8

Alors que le temps de midi s'annonce, je n'ai qu'une envie : Me barrer d'ici. Presque toute la matinée, des étudiants dont j'ignorais même l'existence étaient venus me parler de l'accident. Et pas de questions comme « Alors comment te sens-tu ? ». Non, c'était plus du genre « C'est toi la meuf qui s'est fait renverser ? » Ou des blagues débiles de niveaux préscolaire « Tu connais l'histoire de Paf le chien ? En fait c'est un chien qui se fait renverser par une auto et PAF le chien » Le tout accompagné de rires bien gras et lourds.

D'habitude, je serais rentrée chez moi, ou j'aurais été me balader pour échapper à cette obligation scolaire. Mais... J'ai trop la flemme, j'ai peur de tomber sur mon géniteur. Je suis démoralisée et mon passage chez Matthew ce matin n'a rien arrangé, que du contraire.

Quand j'y réfléchis bien, je me dis que lui et moi sommes trop opposés. Moi je m'en fous de mes études. Je ne sais même pas ce que je veux faire plus tard alors que lui ne vit que pour ça. Mais qui de nos jours ne se lève que pour étudier ? Pour réussir ? PERSONNE. Et surtout pas des jeunes de notre âge. Sauf Matthew, évidemment.
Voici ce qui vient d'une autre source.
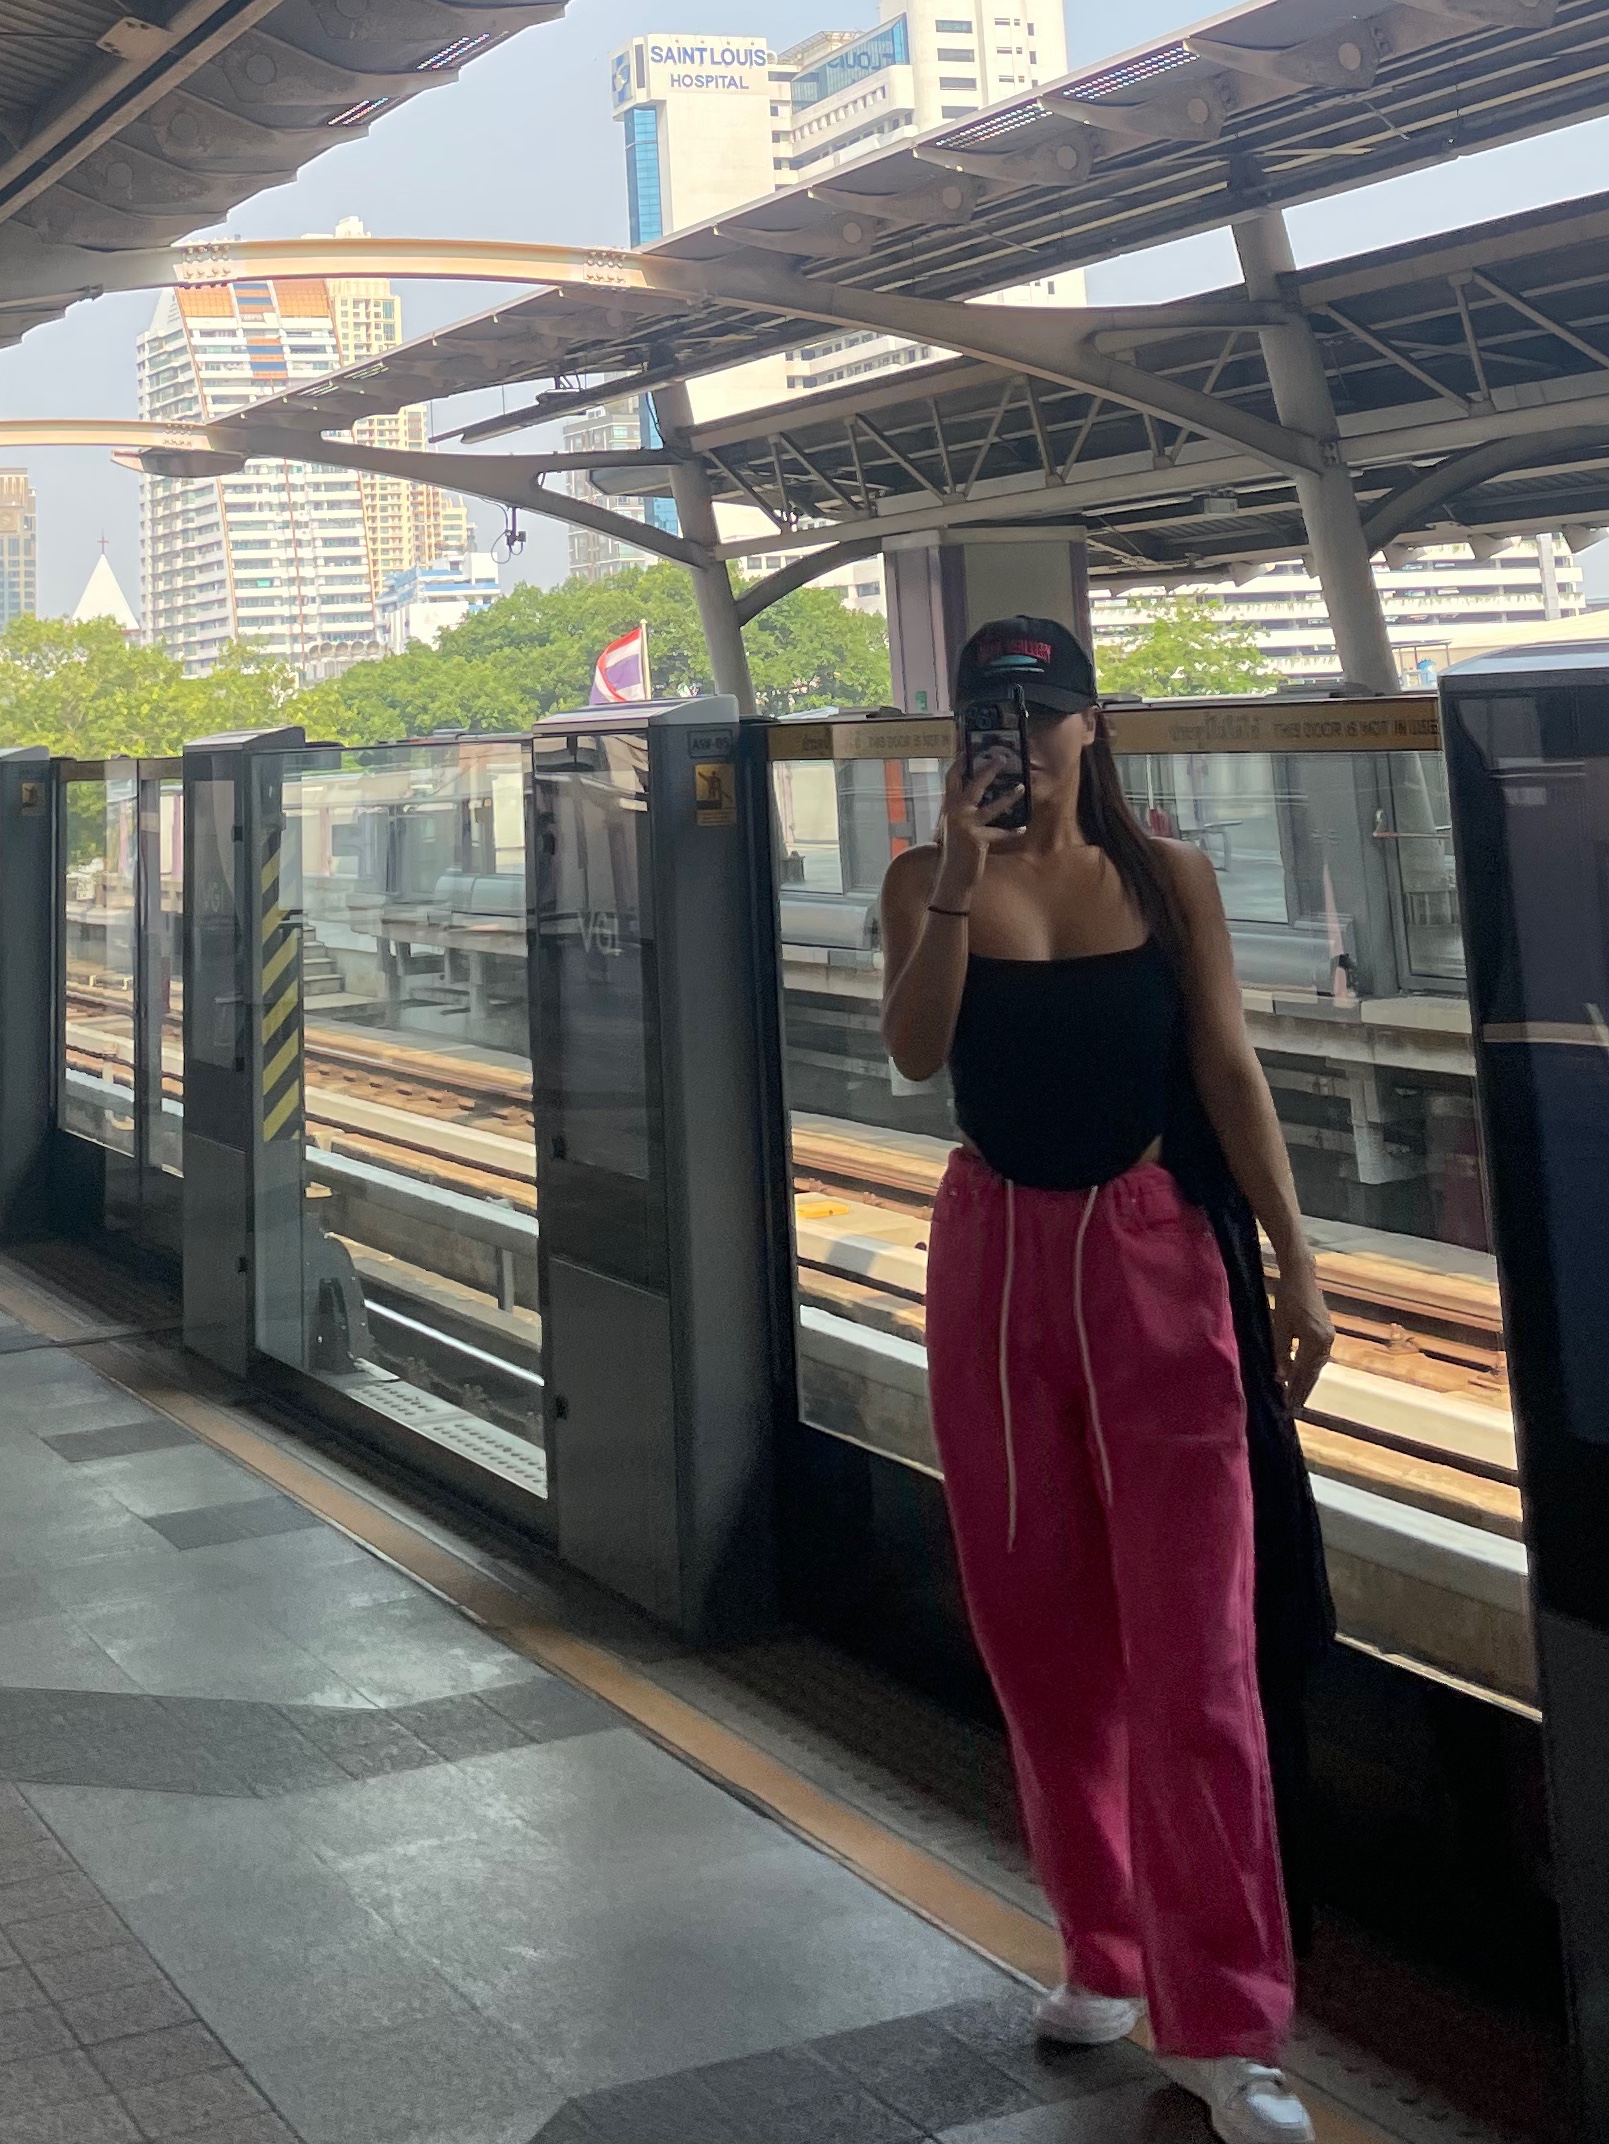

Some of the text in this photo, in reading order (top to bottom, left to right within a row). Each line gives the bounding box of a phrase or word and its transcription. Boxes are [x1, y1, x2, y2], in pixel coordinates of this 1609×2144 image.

[651, 46, 766, 66] SAINT LOUIS
[670, 74, 749, 89] HOSPITAL
Je me couche dans l'herbe du parc après avoir englouti mon paquet de Knacki et ferme les yeux. Le soleil réchauffe mes bras nus, mon visage. Je me mets alors à imaginer les raisons qui font que Matthew soit un gros coincé du cul. Il est travesti et c'est pour cela qu'il ne me montre que son côté sérieux ? Nonnn. Je pouffe à ma propre connerie en imaginant mon voisin sexy avec une perruque blonde et des collants résilles. Il n'est pas gay comme ma fellation l'a sérieusement excité. Peut-être que je ne lui plais pas autant qu'il le dit. Sinon, il m'aurait déjà fait de plus grosses avances qu'un simple baiser... Ou bien est-ce un truc en rapport avec ses parents ? Je ne les ai jamais vus, ou du moins je ne m'en rappelle pas. Peut-être sont-ils méchants ? Peut-être le battent-ils ? Non, c'est absurde. La seule certitude que j'ai est qu'il faut que je l'évite. Il ne veut pas d'amour. Et moi j'en veux, j'en ai réellement besoin. Depuis maintenant plus de deux mois, je n'en reçois plus et ça me manque. J'ai besoin qu'on me prenne dans les bras, qu'on me fasse ressentir des choses autres que de la tristesse et de la colère. J'ai envie de me sentir encore aimer par au moins une seule personne.

Lui et moi c'est une mauvaise idée, je vais le nier, ignorer ses messages. Ce sera dur mais c'est nécessaire. Je ne veux pas qu'il brise mon cœur déjà bien fêlé.

*****

Il est dix-huit heures trente quand je passe le pas de la porte. La maison est étrangement calme pour un lundi soir. Je dépose mon sac de cours dans l'entrée, en bas de l'escalier et me dirige vers la cuisine. Vide. J'hausse les épaules, ouvre le placard et prends un verre avant de le remplir d'eau du robinet.

-Bonsoir Laure.

Je sursaute ce qui me fait lâcher mon verre dans l'évier. Celui-ci se brise sous le choc et je me retourne vers mon père. Il est appuyé dans l'embrassure de la porte, les bras croisés et l'air féroce sur le visage.

-Nicole n'est pas là ?

Faites qu'elle soit là. Faites qu'elle soit là. Faites qu'elle soit là.

-Réunion des parents à l'école, répond-t'-il froidement.

Il regarde sa montre avant de s'approcher de moi.

-Une heure entre père et fille, sourit-il dangereusement. C'est formidable.

Alors qu'il avance vers moi, je recule. Mon cœur s'emballe dans ma poitrine. Je sais très bien ce qu'il va faire et même si je suis habituée, j'ai la trouille. Il retrousse doucement les manches de sa chemise, son regard ne quitte pas le mien.

-Je...Faut que j'aille étudier...J'ai une interro importante demain matin...

Je suis interrompue dans mes pensées, dans mes paroles par son poing qui atterrit sur ma joue. Mon dos heurte le meuble derrière moi, ma tête vacille, mes oreilles bourdonnent immédiatement.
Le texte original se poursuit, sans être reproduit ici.